Never Alone is a warm welcome to Alaska Native folklore

Early on in Never Alone, the little Iñupiaq girl Nuna is tasked with retrieving a drum from a mischievous group called the Little People. The task itself is not difficult. The Little People are holed up just a short distance away, and immediately give up the stolen instrument the second Nuna dodges their meager traps. But during the short journey, Nuna touches an owl. In doing so, a video explaining the role of Little People in Iñupiat folklore is unlocked. It explains that the Little People are not inherently mischievous—they are just regular people who share the frozen climes of northern Alaska, who also just happen to be small.

This video, one of two dozen owl-delivered “cultural insights” that appear throughout the game, looks like the sort of minimalist documentaries middle school social studies teachers would wheel out of the closet during a weekday hangover. But in the context of Never Alone, this seconds-long clip is transformed—into a link between the game and an ancient folklore and to a people with an enduring legacy of storytelling. It took an action I had just performed and tied it to thousands of years of tradition of a culture I was wholly unfamiliar with. Never Alone does this repeatedly throughout its scant two hours of play time, making them two of the most powerful and beautiful hours this year.
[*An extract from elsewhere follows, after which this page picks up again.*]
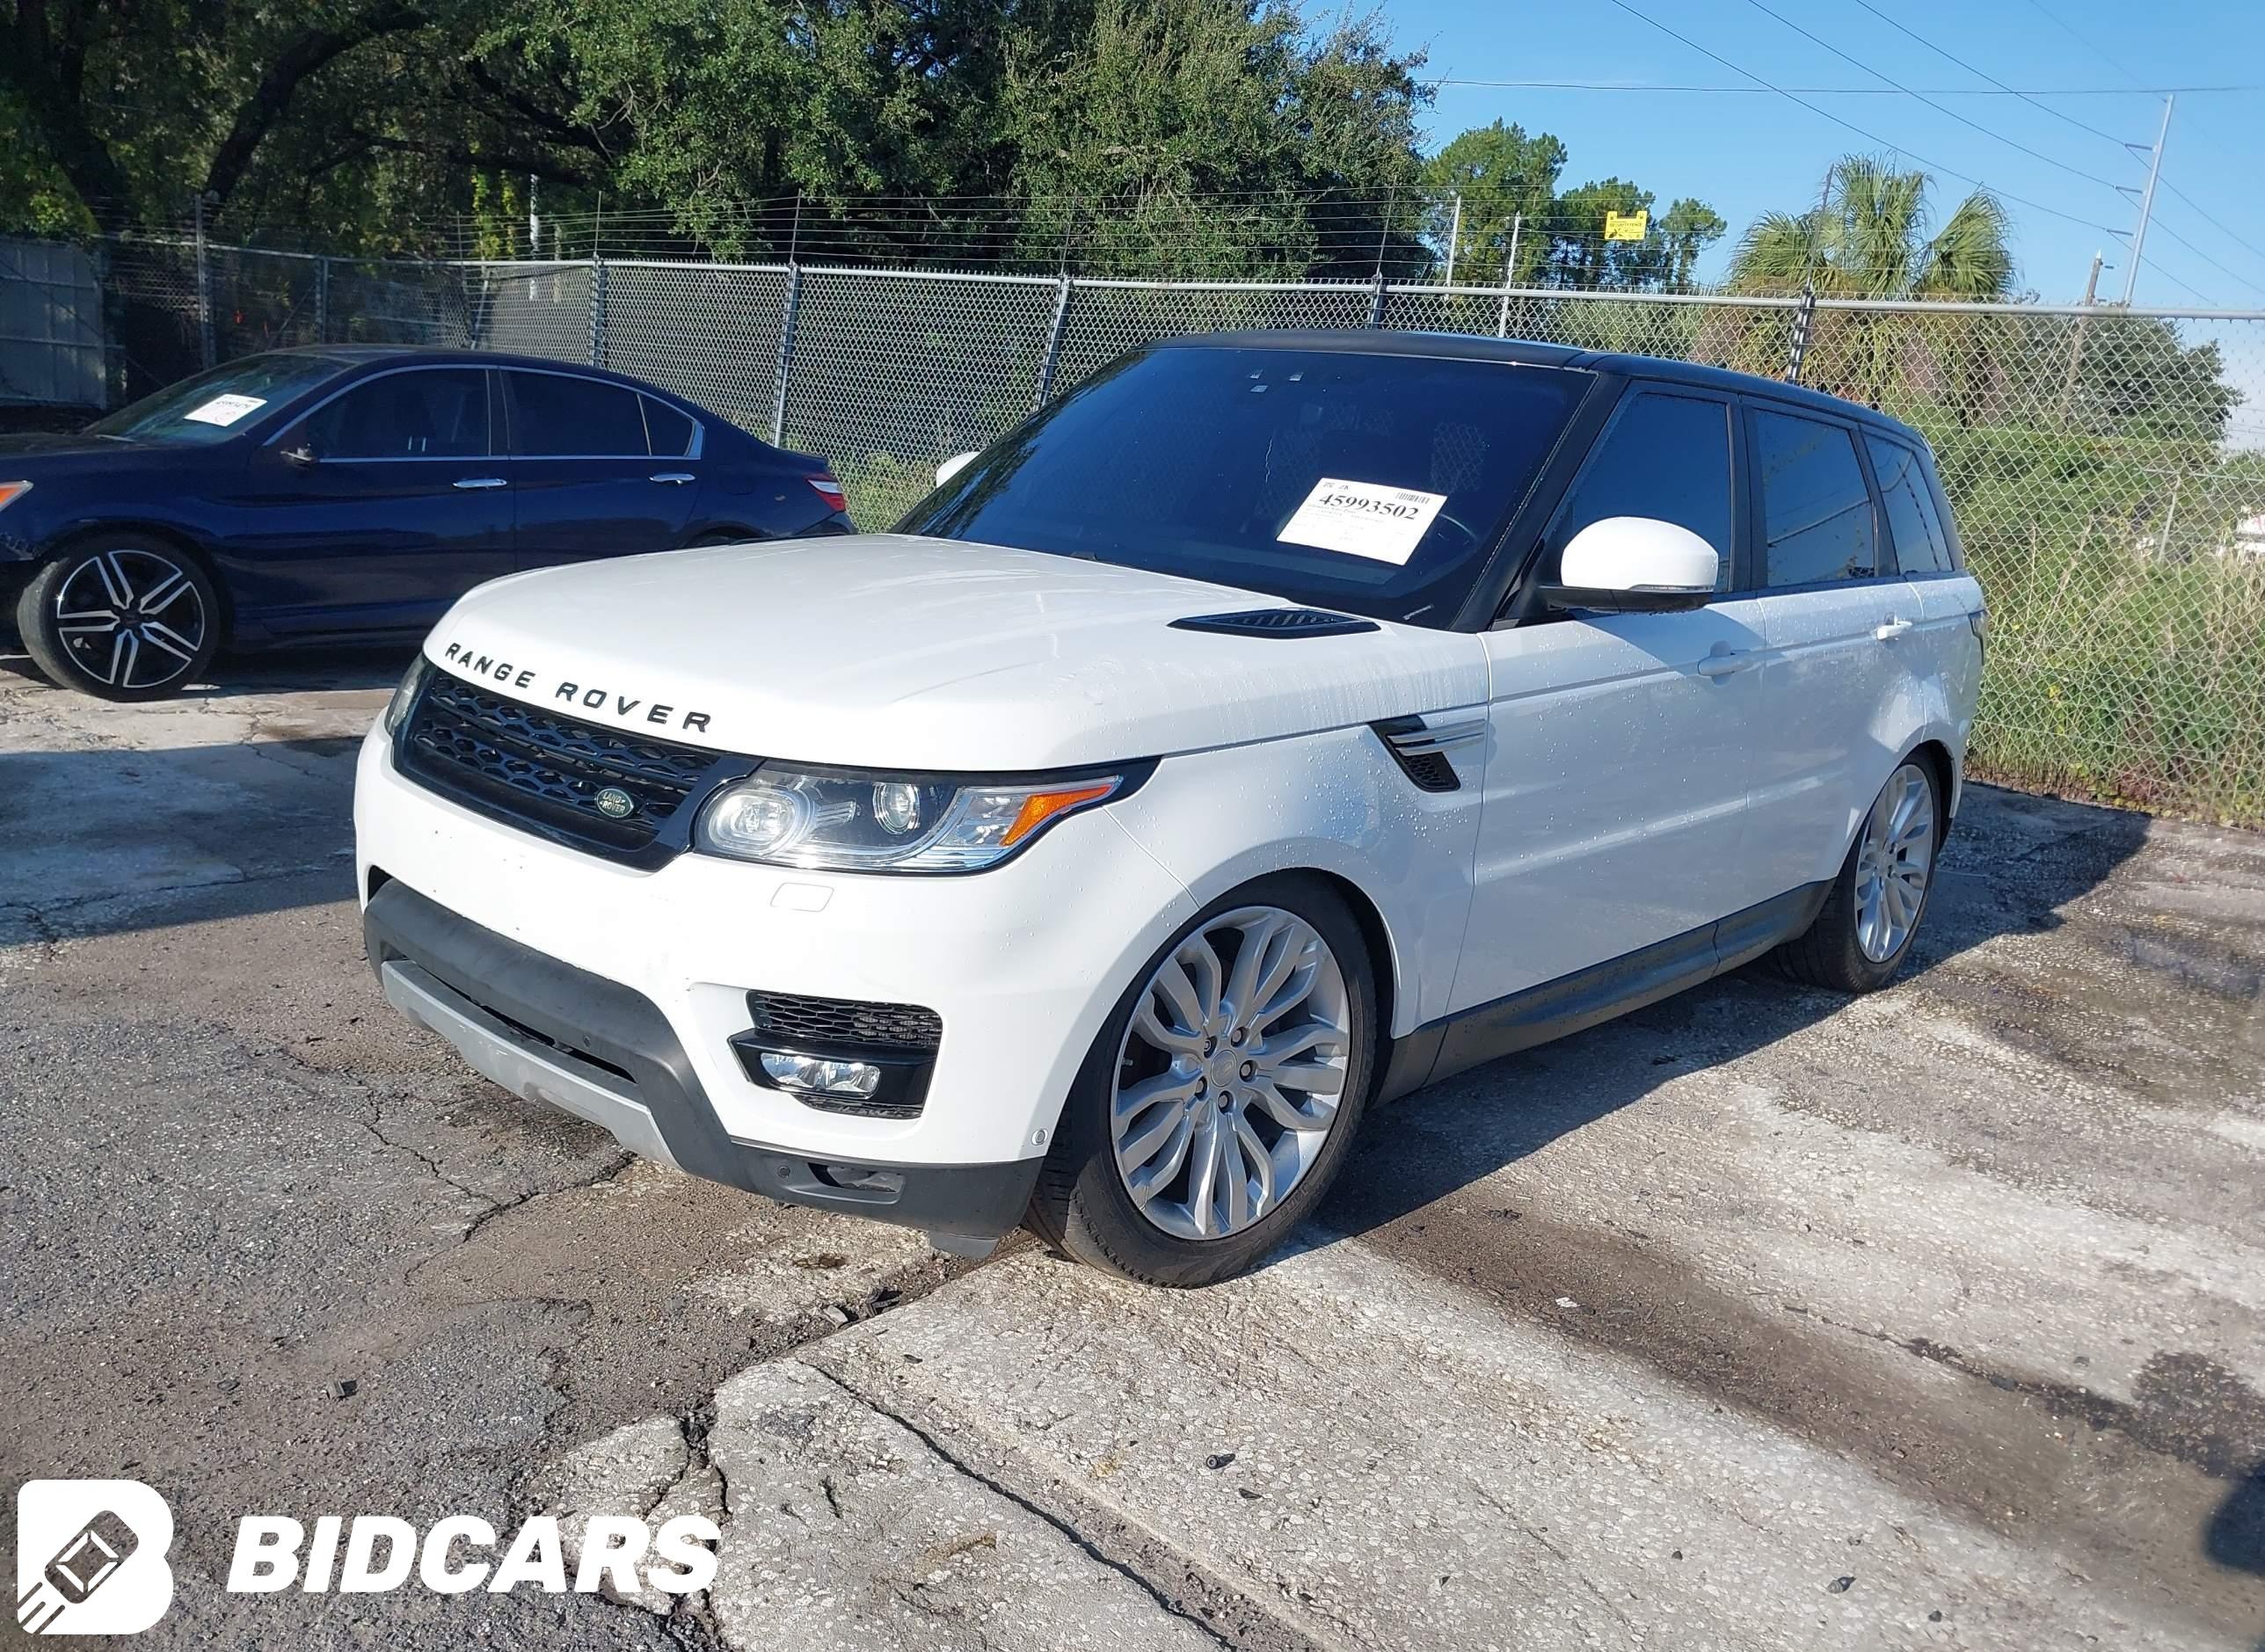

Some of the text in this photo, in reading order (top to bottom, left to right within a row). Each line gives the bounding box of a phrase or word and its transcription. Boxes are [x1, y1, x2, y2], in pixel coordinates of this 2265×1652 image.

[1319, 493, 1418, 520] 45993502
[445, 643, 711, 732] RANGE ROVER
[601, 800, 626, 814] ROVER
It could be said that this is the difference between having a game’s collectible gewgaws be meaningful versus having them be “stuff that was lying around.” (I’m looking at you, hundreds of pieces of slightly different concept art.) But cultural insights are just one aspect of a game that works at every point to tie the player’s actions to Iñupiat folklore, viewpoint, and experience. Based in part on Kunuuksaayuka, one of the many Iñupiat tales passed down by oral tradition until it was transcribed in the 1980s, the story focuses on Nuna, a young girl who has taken it upon herself to find the source of a blizzard that is ravaging her village. She is aided by Fox, an arctic fox who can call on the spirits of the natural world for assistance. On the journey they are challenged by threats both real and mythic: freezing water, polar bears, the Manslayer.

The game takes great pains to explain the roles of these details, so it’s clear how they matter both in the game and to the Iñupiat. And it presents the story in lovely scrimshaw-styled animations, narrated in Iñupiat with English subtitles. Outside those scenes, the game uses an attractive stark cartoon style, but after a while, the only thing that draws the eye is Fox. Sleekly drawn and irresistibly animated, even Fox’s determined gait betrays how focused he is on protecting Nuna. This in turn made me want to repay his loyalty with my own. Curiously, I didn’t want to play as Fox—control can be swapped between the two characters at any time, and sometimes switching is mandatory to get Nuna past some frozen obstacle—but the animal is so well portrayed as a companion that becoming him felt like a loss of something crucial, having a fox pal. It doesn’t help that playing as Fox can feel overly fast and slippery.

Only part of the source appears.